Akontings and the banjo-playing white guys who love them

Last night my lady friend and I attended a concert as part of the University of Florida’s AIM for Africa cultural exchange program. The event’s key figures were a group of ethnomusicologists who’ve been tracing the history of the banjo through the Senegal/Gambia area of West Africa. A few years ago they discovered strong connections between a stringed gourd instrument called the akonting and the modern banjo. The vid below shows akonting master Sana Ndiaye showing North-Central Florida why they call him “Mr. Akonting”.

Senegalese akonting player, Sana Ndiaye, performs at the Thomas Center

Normally this kind of ethno-academic show doesn’t appeal to me. You take an exceptionally honest secular music out of its context (small African villages) and suture it into a sterile museum-like environment (the Thomas Center). Much of the experience feels lost in translation.

But at this point anything to do with banjo to me had the immediacy of an erupting volcano, thanks to the excitement of my upcoming journey into the woods to study banjo with the masters. Sana will be teaching the akonting there, and maybe, just maybe, tomorrow night I’ll be sitting around a fire playing with him. What luck to get an early glimpse.

Sana’s traditional songs are rhythmic at heart, and made distinct by haunting, repeated melodic riffs. Pretty similar in character to certain modern American music that I fancy. But using the word melodic with the akonting may be misleading. The akonting is not a melody instrument - the “notes” just aren’t thought of the same way. Instead, the akonting is thought of as a complex rhythm instrument, like holding a drum circle in your hands.
I think that this way of thinking, of rhythmic elements with melodic quality rather than vice versa, has had a profound influence on Western music’s transformation into modern popular music. Compare the pulsing, repetitive melody lines of rock and hip-hop to the more sinuous melodies of Western classical music - see what I mean? I guess you can’t overstate the African influence on Western music.

Banjorama Freakout…

the AkontingI got a chance to have a go at playing the akonting during one of the intermissions. What caught me (and probably the white guys who first saw the akonting in West Africa) was that the playing technique was almost identical to the clawhammer style of old time banjo.
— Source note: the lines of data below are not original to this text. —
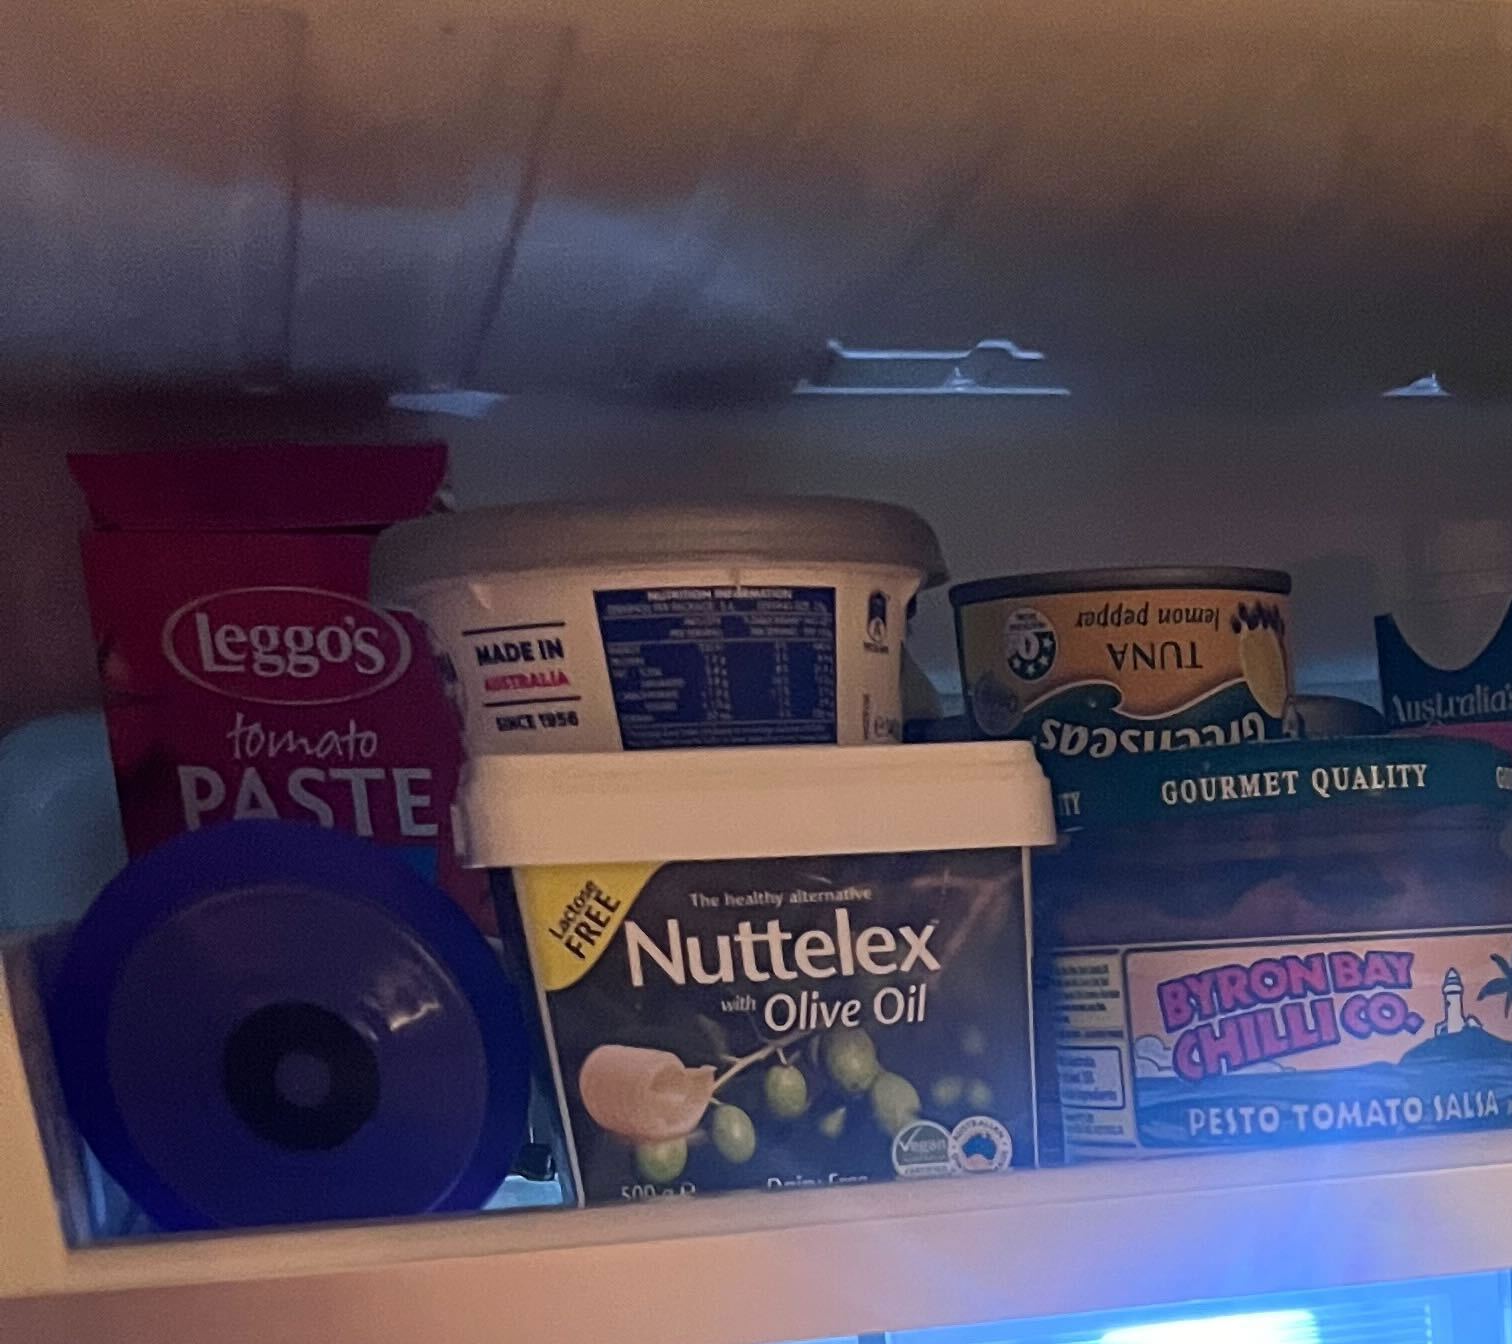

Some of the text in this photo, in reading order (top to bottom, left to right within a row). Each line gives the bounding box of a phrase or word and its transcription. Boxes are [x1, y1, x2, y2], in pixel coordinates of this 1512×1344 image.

[1073, 601, 1150, 628] pepper
[1157, 605, 1220, 632] lemon
[194, 611, 386, 678] Leggo's
[475, 637, 565, 667] MADE IN
[1104, 640, 1204, 671] TUNA
[484, 669, 570, 692] AUSTRALIA
[226, 711, 378, 760] tomato
[496, 710, 579, 732] SINCE 1956
[176, 764, 440, 838] PASTE
[1161, 763, 1428, 805] GOURMET QUALITY
[548, 879, 597, 940] Lactose
[689, 886, 874, 909] The healthy alternative
[564, 890, 621, 959] FREE
[624, 907, 942, 988] Nuttelex
[720, 983, 928, 1033] with Olive Oil
[1157, 951, 1329, 1033] BYRON
[1329, 949, 1416, 994] BAY
[1172, 996, 1342, 1082] CHILLI
[1340, 991, 1425, 1040] CO.
[1189, 1104, 1280, 1136] PESTO
[1293, 1095, 1424, 1133] TOMATO
[1433, 1090, 1499, 1122] SALSA
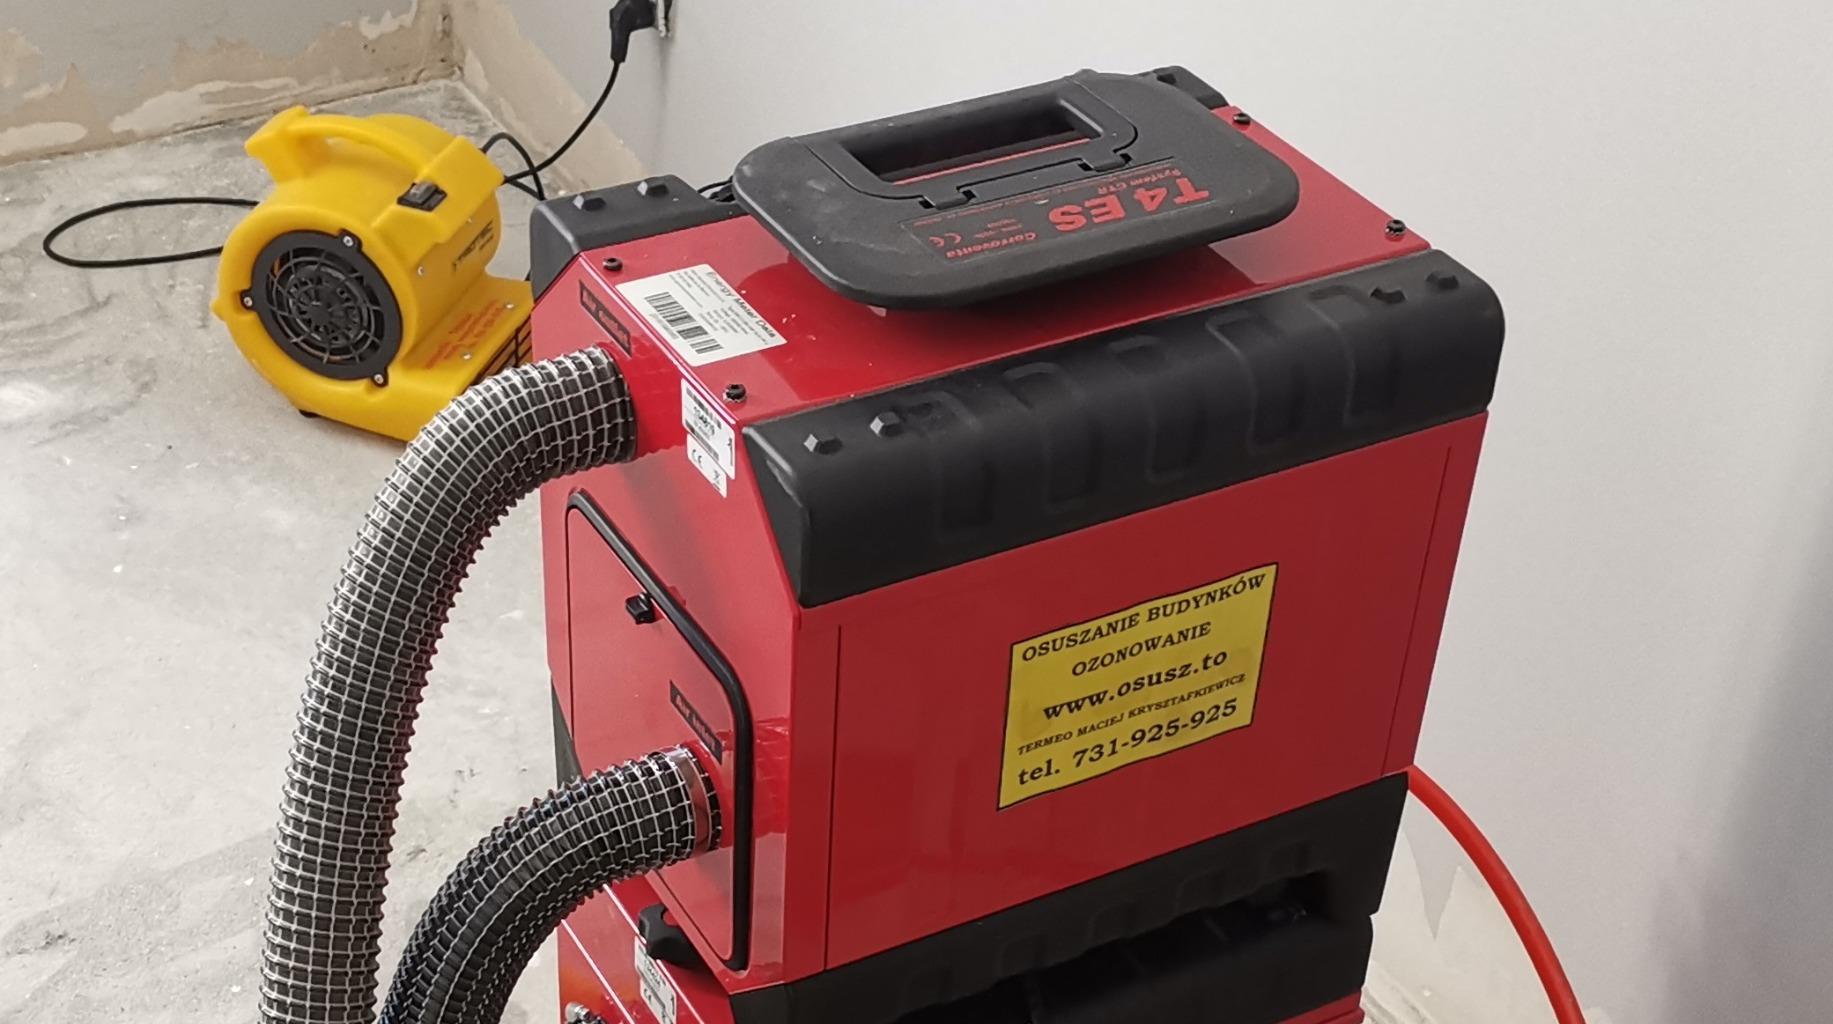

The akonting has three strings tied at different lengths along the neck - the two higher strings are used to break up the rhythm just like the high string on the banjo, the longest string is stopped to play the melody. Although it’s a pretty simple instrument, the emotional rhumination that it invokes is remarkable. There’s a soothing heartbeat like quality to it.

Did I mention how much I enjoy instruments that I have absolutely no idea how to play?




Like Tom Waits so craggedly said -

“Your hands are like dogs, going to the same places they’ve been. You have to be careful when playing is no longer in the mind but in the fingers, going to happy places. You have to break them of their habits or you don’t explore, you only play what is confident and pleasing. I’m learning to break those habits by playing instruments I know absolutely nothing about, like a bassoon or a waterphone.”

Also, for me too much technique often plugs up my personal connection with an instrument.

I’d like to write more, but I’m prepping right now to head off into the woods to learn the zen of banjo. More on that when I get back. Peace my brothers.